Wilhelm Kuhnert wurde 1865 in Oppeln (Schlesien) geboren und starb 1926 in Flims (Schweiz). Er studierte an der Königlich Akademischen Hochschule für bildene Künste, wandte sich dann jedoch dem Studium der Natur im Freien zu. Wilhelm Kuhnert, der führende klassische Maler der tropischen Tierwelt, ist allgemein auch als „Löwen-Kuhnert" bekannt. Sein Lieblingsmotiv war und blieb der Löwe, der König der Tiere. Seine Werke beschränkten sich aber keinesfalls auf dieses Motiv. Mit seiner unnachahmlichen Kunst der Darstellung hielt er Tier und Mensch so fest, wie er sie auf seinen vielen Reisen sah und erlebte.

Die intime Kenntnis der Tierwelt und Landschaft erwarb er sich auf vielen Studienreisen in Europa, Afrika und Asien. Sie spielten für die freie Entfaltung seiner realistischen Malerei eine dominierende Rolle. Unzählige Skizzen und Zeichnungen waren die künstlerische Ausbeute. Hieraus schuf er, unterstützt durch sein visionelles Gedächnis seine großen Werke. Alle von erhabener Schönheit und einmaliger Ausdruckskraft

Nur vereinzelte Werke sind in Museen in Fort Worth (USA), Enschede und Leiden (Niederlande) der Öffentlichkeit zugänglich. Die meisten Stücke befinden sich in Privathand.

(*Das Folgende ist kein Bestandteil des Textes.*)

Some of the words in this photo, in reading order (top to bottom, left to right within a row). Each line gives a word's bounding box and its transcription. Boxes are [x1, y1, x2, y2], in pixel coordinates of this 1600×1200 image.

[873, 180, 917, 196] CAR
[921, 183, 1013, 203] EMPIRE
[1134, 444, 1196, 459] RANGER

Ich sehe es daher als meine Aufgabe an, Reproduktionen auserwählter Werke und die noch greifbaren Original-Radierungen meines Großvaters, einem interessierten Kreis zugänglich zu machen.

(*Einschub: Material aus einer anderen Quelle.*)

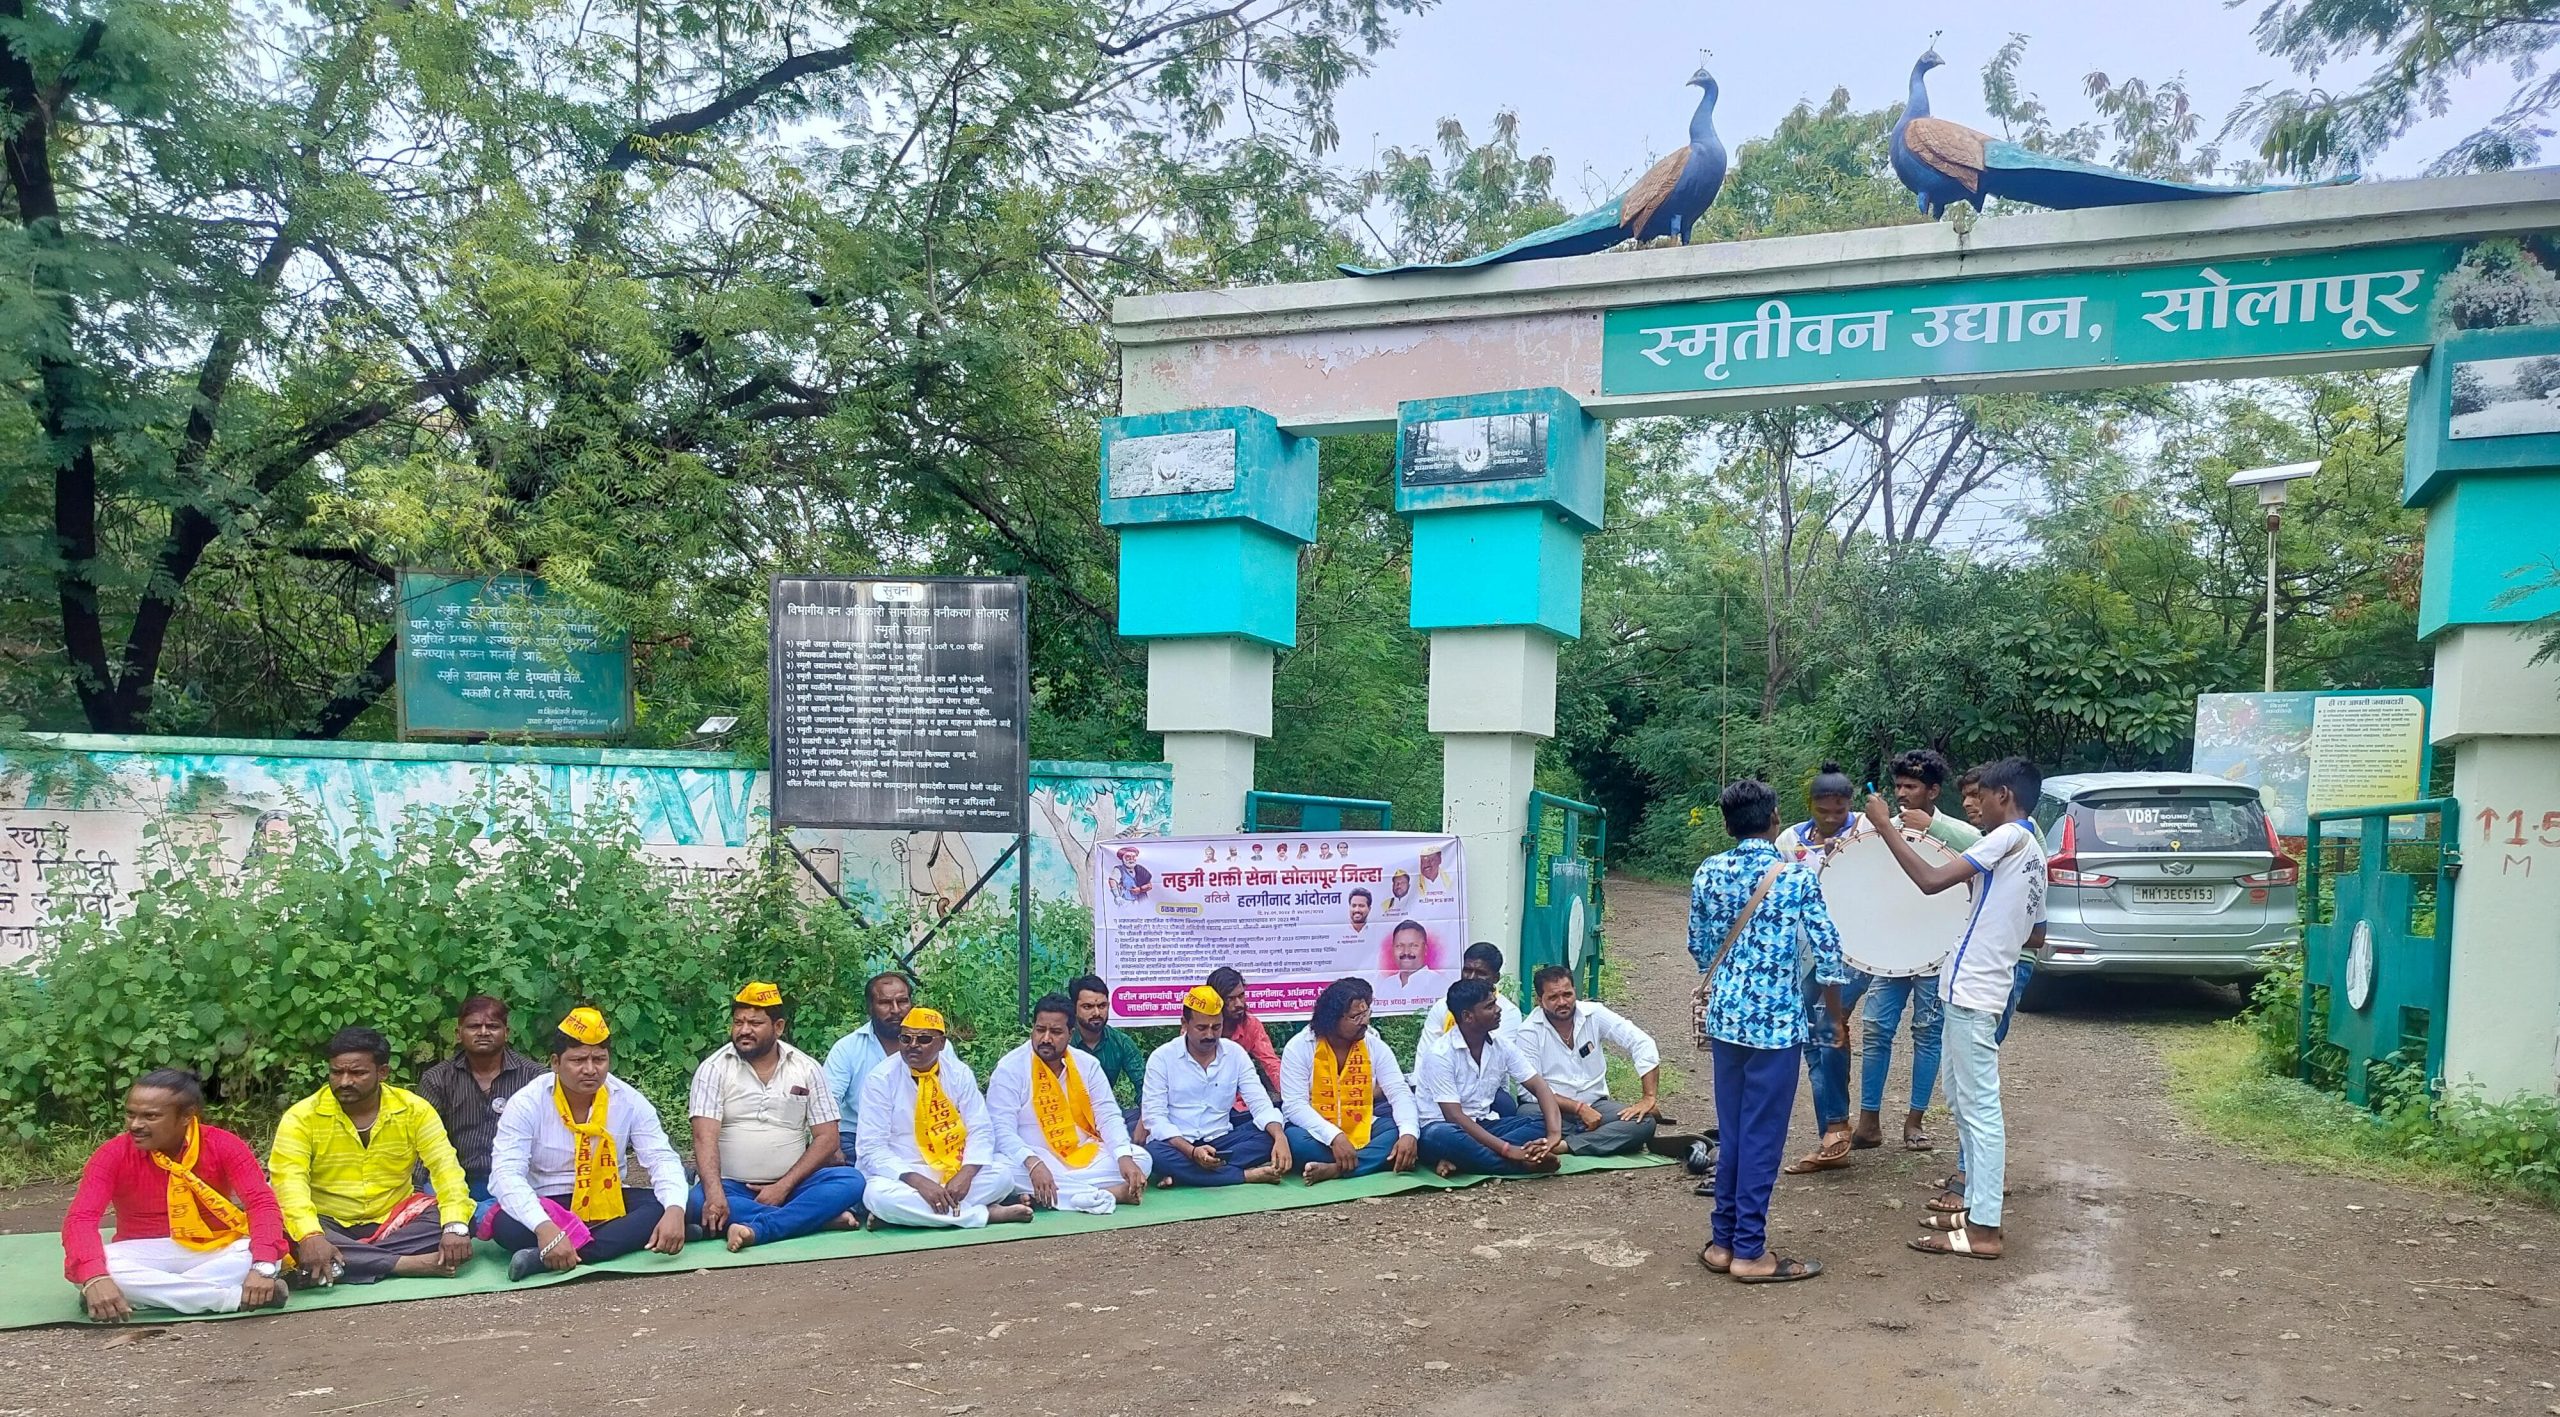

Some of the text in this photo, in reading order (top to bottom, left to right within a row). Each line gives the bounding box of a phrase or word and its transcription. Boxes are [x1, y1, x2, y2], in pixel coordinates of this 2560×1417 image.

[1639, 269, 2425, 381] स्मृतीवन उद्यान, सोलापूर
[883, 586, 912, 600] सुचना
[788, 604, 1009, 622] विभागीय वन अधिकारी सामाजिक वनीकरण सोलापूर
[874, 624, 931, 638] स्मृती उद्यान
[796, 639, 811, 649] स्मृती
[464, 671, 501, 684] उद्यानास
[526, 669, 560, 684] देण्याची
[461, 687, 491, 699] सकाळी
[494, 690, 500, 698] ८
[503, 686, 511, 698] ते
[915, 796, 946, 806] विभागीय
[963, 797, 996, 807] अधिकारी
[2126, 809, 2159, 824] VD87
[2502, 854, 2532, 878] M
[1161, 864, 1383, 892] लहुजी शक्ती सेना सोलापूर जिल्हा
[1238, 891, 1291, 909] हलगीनाद
[1295, 890, 1342, 907] आंदोलन
[2141, 888, 2213, 900] MH13EC5153
[1118, 991, 1137, 1000] वरील
[1282, 1000, 1299, 1009] चालू

Ein bekannter Kenner schreibt:

Es ist mir nicht gegeben, ein Urteil über Wilhelm Kuhnert als Künstler abzugeben. Aber ich kann den Eindruck schildern, den seine Werke auf mich gemacht haben.

Ich hatte Ostafrika in monatelangern Reisen durchzogen, hatte am Kilimandscharo den Urwaldgürtel durchklettert und hatte weiter aufwärts im Schnee die Fährten des Löwen und der Elenantilope gesehen. In den Papyrussümpfen am Fuß des Berges hatte ich Marabus und Kronenkraniche beobachtet, in der Steppe allerlei Antilopen- und Gazellenarten und hatte in der weiten Ebene des Nachts oft den Jagdruf des Löwen gehört. Auch auf den wehrhaften Büffel hatte ich gepirscht und einen kapitalen Bullen bis auf 34 Schritte angekrochen und gestreckt, am Rukwa-See die Eingeborenen von einer Anzahl der gefährlichen Krokodile befreit. Die gewaltige Natur Afrikas und seine Tierwelt beeindruckten mich tief, und kaum konnte ich alles innerlich verarbeiten.

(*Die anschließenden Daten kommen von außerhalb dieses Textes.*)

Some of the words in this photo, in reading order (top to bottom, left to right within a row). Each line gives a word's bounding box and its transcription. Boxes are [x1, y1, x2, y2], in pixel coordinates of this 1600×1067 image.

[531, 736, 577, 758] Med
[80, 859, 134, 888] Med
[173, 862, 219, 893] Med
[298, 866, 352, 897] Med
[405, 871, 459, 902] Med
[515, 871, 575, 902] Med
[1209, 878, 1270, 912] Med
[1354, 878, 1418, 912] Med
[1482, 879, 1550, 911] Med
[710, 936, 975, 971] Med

Da kam ich nach Iringa und sah auf den Wänden der alten Feste das, was mir begegnet war. Aber es war schöner, edler und zugleich echter, als es sich mir dargestellt hatte. Es war geschaut mit den Augen eines ganz großen Künstlers, erfaßt mit tiefster Seele und dargestellt mit unglaublichem Können.

Der Künstler, der hier am Werke gewesen war, war Wilhelm Kuhnert. Man muß seine Werke sehen, erschöpfend beschreiben lassen sie sich nicht.